_Task goal_: Each entry in the listing must be set down again word for word.

_Material provided_:
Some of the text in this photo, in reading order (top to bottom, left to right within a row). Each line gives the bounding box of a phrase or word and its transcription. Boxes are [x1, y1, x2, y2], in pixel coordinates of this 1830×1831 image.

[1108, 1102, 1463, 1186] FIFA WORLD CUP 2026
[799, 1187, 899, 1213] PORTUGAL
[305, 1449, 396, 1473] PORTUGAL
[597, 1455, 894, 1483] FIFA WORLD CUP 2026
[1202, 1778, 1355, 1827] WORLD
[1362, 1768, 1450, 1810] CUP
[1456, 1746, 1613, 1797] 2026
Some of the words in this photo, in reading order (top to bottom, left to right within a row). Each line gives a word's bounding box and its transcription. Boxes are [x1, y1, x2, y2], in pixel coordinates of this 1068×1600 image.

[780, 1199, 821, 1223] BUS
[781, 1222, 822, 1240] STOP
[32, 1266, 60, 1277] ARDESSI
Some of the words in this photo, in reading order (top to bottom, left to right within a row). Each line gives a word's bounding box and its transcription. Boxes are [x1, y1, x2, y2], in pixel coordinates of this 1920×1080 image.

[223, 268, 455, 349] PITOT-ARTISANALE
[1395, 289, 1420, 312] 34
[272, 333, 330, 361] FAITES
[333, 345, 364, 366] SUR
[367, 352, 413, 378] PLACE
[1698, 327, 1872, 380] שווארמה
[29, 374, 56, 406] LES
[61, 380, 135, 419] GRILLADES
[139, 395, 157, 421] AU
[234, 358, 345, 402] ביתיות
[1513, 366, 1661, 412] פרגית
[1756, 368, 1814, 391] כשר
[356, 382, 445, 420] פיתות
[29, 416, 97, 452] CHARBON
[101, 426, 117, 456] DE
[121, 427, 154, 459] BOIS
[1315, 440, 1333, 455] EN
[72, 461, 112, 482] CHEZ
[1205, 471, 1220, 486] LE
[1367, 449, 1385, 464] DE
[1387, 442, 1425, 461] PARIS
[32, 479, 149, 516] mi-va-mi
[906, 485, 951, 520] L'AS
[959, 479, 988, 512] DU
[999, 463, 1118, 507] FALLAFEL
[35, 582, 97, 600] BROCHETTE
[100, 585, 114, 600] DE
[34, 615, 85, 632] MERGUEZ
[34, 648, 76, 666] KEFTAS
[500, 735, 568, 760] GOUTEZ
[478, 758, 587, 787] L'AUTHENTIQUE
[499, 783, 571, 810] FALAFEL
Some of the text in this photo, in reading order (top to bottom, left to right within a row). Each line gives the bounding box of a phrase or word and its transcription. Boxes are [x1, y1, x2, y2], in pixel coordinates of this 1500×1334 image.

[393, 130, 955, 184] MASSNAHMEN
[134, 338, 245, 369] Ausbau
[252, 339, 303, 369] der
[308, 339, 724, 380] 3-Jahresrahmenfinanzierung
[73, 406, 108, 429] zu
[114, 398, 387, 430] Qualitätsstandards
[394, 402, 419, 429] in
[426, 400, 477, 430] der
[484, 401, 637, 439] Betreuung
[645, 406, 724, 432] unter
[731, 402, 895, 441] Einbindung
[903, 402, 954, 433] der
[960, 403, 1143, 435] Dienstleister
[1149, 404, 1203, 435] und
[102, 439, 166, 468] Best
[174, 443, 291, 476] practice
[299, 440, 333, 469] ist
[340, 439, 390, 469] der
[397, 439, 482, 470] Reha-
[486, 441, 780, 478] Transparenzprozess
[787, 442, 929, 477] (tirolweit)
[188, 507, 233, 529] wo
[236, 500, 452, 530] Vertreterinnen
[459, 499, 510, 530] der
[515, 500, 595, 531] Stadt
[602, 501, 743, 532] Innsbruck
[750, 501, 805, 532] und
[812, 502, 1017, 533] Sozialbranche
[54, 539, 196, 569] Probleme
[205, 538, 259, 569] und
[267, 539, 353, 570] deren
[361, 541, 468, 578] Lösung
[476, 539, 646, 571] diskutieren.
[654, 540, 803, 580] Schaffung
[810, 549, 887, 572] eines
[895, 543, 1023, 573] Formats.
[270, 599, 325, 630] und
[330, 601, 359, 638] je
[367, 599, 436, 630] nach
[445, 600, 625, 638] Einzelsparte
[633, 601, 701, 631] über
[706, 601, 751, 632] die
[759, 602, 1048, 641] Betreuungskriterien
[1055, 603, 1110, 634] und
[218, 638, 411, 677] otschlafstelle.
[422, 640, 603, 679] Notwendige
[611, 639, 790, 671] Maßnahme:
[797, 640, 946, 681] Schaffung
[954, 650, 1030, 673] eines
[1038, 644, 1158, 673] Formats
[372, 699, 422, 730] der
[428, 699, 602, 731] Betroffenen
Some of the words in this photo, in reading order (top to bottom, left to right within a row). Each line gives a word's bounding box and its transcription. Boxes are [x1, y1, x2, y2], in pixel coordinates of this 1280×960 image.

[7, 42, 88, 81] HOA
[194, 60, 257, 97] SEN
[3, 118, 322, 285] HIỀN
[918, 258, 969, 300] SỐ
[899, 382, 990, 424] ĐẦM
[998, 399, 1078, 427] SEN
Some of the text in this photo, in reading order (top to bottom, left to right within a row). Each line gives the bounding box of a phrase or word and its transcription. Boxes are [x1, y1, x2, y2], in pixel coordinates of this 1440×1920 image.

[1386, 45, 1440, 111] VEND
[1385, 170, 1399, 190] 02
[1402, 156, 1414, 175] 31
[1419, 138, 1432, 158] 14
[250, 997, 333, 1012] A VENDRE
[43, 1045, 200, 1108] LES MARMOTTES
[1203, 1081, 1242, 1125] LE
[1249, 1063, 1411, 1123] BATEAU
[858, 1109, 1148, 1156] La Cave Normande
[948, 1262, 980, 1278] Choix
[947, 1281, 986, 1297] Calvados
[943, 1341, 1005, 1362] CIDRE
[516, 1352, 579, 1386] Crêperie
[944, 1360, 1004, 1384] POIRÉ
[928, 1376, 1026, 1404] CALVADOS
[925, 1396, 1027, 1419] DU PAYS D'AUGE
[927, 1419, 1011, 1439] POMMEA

_Exercise result_:
Some of the text in this photo, in reading order (top to bottom, left to right within a row). Each line gives the bounding box of a phrase or word and its transcription. Boxes are [x1, y1, x2, y2], in pixel coordinates of this 1830×1831 image.

[1108, 1102, 1463, 1186] FIFA WORLD CUP 2026
[799, 1187, 899, 1213] PORTUGAL
[305, 1449, 396, 1473] PORTUGAL
[597, 1455, 894, 1483] FIFA WORLD CUP 2026
[1202, 1778, 1355, 1827] WORLD
[1362, 1768, 1450, 1810] CUP
[1456, 1746, 1613, 1797] 2026
Some of the words in this photo, in reading order (top to bottom, left to right within a row). Each line gives a word's bounding box and its transcription. Boxes are [x1, y1, x2, y2], in pixel coordinates of this 1068×1600 image.

[780, 1199, 821, 1223] BUS
[781, 1222, 822, 1240] STOP
[32, 1266, 60, 1277] ARDESSI
Some of the words in this photo, in reading order (top to bottom, left to right within a row). Each line gives a word's bounding box and its transcription. Boxes are [x1, y1, x2, y2], in pixel coordinates of this 1920×1080 image.

[223, 268, 455, 349] PITOT-ARTISANALE
[1395, 289, 1420, 312] 34
[272, 333, 330, 361] FAITES
[333, 345, 364, 366] SUR
[367, 352, 413, 378] PLACE
[1698, 327, 1872, 380] שווארמה
[29, 374, 56, 406] LES
[61, 380, 135, 419] GRILLADES
[139, 395, 157, 421] AU
[234, 358, 345, 402] ביתיות
[1513, 366, 1661, 412] פרגית
[1756, 368, 1814, 391] כשר
[356, 382, 445, 420] פיתות
[29, 416, 97, 452] CHARBON
[101, 426, 117, 456] DE
[121, 427, 154, 459] BOIS
[1315, 440, 1333, 455] EN
[72, 461, 112, 482] CHEZ
[1205, 471, 1220, 486] LE
[1367, 449, 1385, 464] DE
[1387, 442, 1425, 461] PARIS
[32, 479, 149, 516] mi-va-mi
[906, 485, 951, 520] L'AS
[959, 479, 988, 512] DU
[999, 463, 1118, 507] FALLAFEL
[35, 582, 97, 600] BROCHETTE
[100, 585, 114, 600] DE
[34, 615, 85, 632] MERGUEZ
[34, 648, 76, 666] KEFTAS
[500, 735, 568, 760] GOUTEZ
[478, 758, 587, 787] L'AUTHENTIQUE
[499, 783, 571, 810] FALAFEL
Some of the text in this photo, in reading order (top to bottom, left to right within a row). Each line gives the bounding box of a phrase or word and its transcription. Boxes are [x1, y1, x2, y2], in pixel coordinates of this 1500×1334 image.

[393, 130, 955, 184] MASSNAHMEN
[134, 338, 245, 369] Ausbau
[252, 339, 303, 369] der
[308, 339, 724, 380] 3-Jahresrahmenfinanzierung
[73, 406, 108, 429] zu
[114, 398, 387, 430] Qualitätsstandards
[394, 402, 419, 429] in
[426, 400, 477, 430] der
[484, 401, 637, 439] Betreuung
[645, 406, 724, 432] unter
[731, 402, 895, 441] Einbindung
[903, 402, 954, 433] der
[960, 403, 1143, 435] Dienstleister
[1149, 404, 1203, 435] und
[102, 439, 166, 468] Best
[174, 443, 291, 476] practice
[299, 440, 333, 469] ist
[340, 439, 390, 469] der
[397, 439, 482, 470] Reha-
[486, 441, 780, 478] Transparenzprozess
[787, 442, 929, 477] (tirolweit)
[188, 507, 233, 529] wo
[236, 500, 452, 530] Vertreterinnen
[459, 499, 510, 530] der
[515, 500, 595, 531] Stadt
[602, 501, 743, 532] Innsbruck
[750, 501, 805, 532] und
[812, 502, 1017, 533] Sozialbranche
[54, 539, 196, 569] Probleme
[205, 538, 259, 569] und
[267, 539, 353, 570] deren
[361, 541, 468, 578] Lösung
[476, 539, 646, 571] diskutieren.
[654, 540, 803, 580] Schaffung
[810, 549, 887, 572] eines
[895, 543, 1023, 573] Formats.
[270, 599, 325, 630] und
[330, 601, 359, 638] je
[367, 599, 436, 630] nach
[445, 600, 625, 638] Einzelsparte
[633, 601, 701, 631] über
[706, 601, 751, 632] die
[759, 602, 1048, 641] Betreuungskriterien
[1055, 603, 1110, 634] und
[218, 638, 411, 677] otschlafstelle.
[422, 640, 603, 679] Notwendige
[611, 639, 790, 671] Maßnahme:
[797, 640, 946, 681] Schaffung
[954, 650, 1030, 673] eines
[1038, 644, 1158, 673] Formats
[372, 699, 422, 730] der
[428, 699, 602, 731] Betroffenen
Some of the words in this photo, in reading order (top to bottom, left to right within a row). Each line gives a word's bounding box and its transcription. Boxes are [x1, y1, x2, y2], in pixel coordinates of this 1280×960 image.

[7, 42, 88, 81] HOA
[194, 60, 257, 97] SEN
[3, 118, 322, 285] HIỀN
[918, 258, 969, 300] SỐ
[899, 382, 990, 424] ĐẦM
[998, 399, 1078, 427] SEN
Some of the text in this photo, in reading order (top to bottom, left to right within a row). Each line gives the bounding box of a phrase or word and its transcription. Boxes are [x1, y1, x2, y2], in pixel coordinates of this 1440×1920 image.

[1386, 45, 1440, 111] VEND
[1385, 170, 1399, 190] 02
[1402, 156, 1414, 175] 31
[1419, 138, 1432, 158] 14
[250, 997, 333, 1012] A VENDRE
[43, 1045, 200, 1108] LES MARMOTTES
[1203, 1081, 1242, 1125] LE
[1249, 1063, 1411, 1123] BATEAU
[858, 1109, 1148, 1156] La Cave Normande
[948, 1262, 980, 1278] Choix
[947, 1281, 986, 1297] Calvados
[943, 1341, 1005, 1362] CIDRE
[516, 1352, 579, 1386] Crêperie
[944, 1360, 1004, 1384] POIRÉ
[928, 1376, 1026, 1404] CALVADOS
[925, 1396, 1027, 1419] DU PAYS D'AUGE
[927, 1419, 1011, 1439] POMMEA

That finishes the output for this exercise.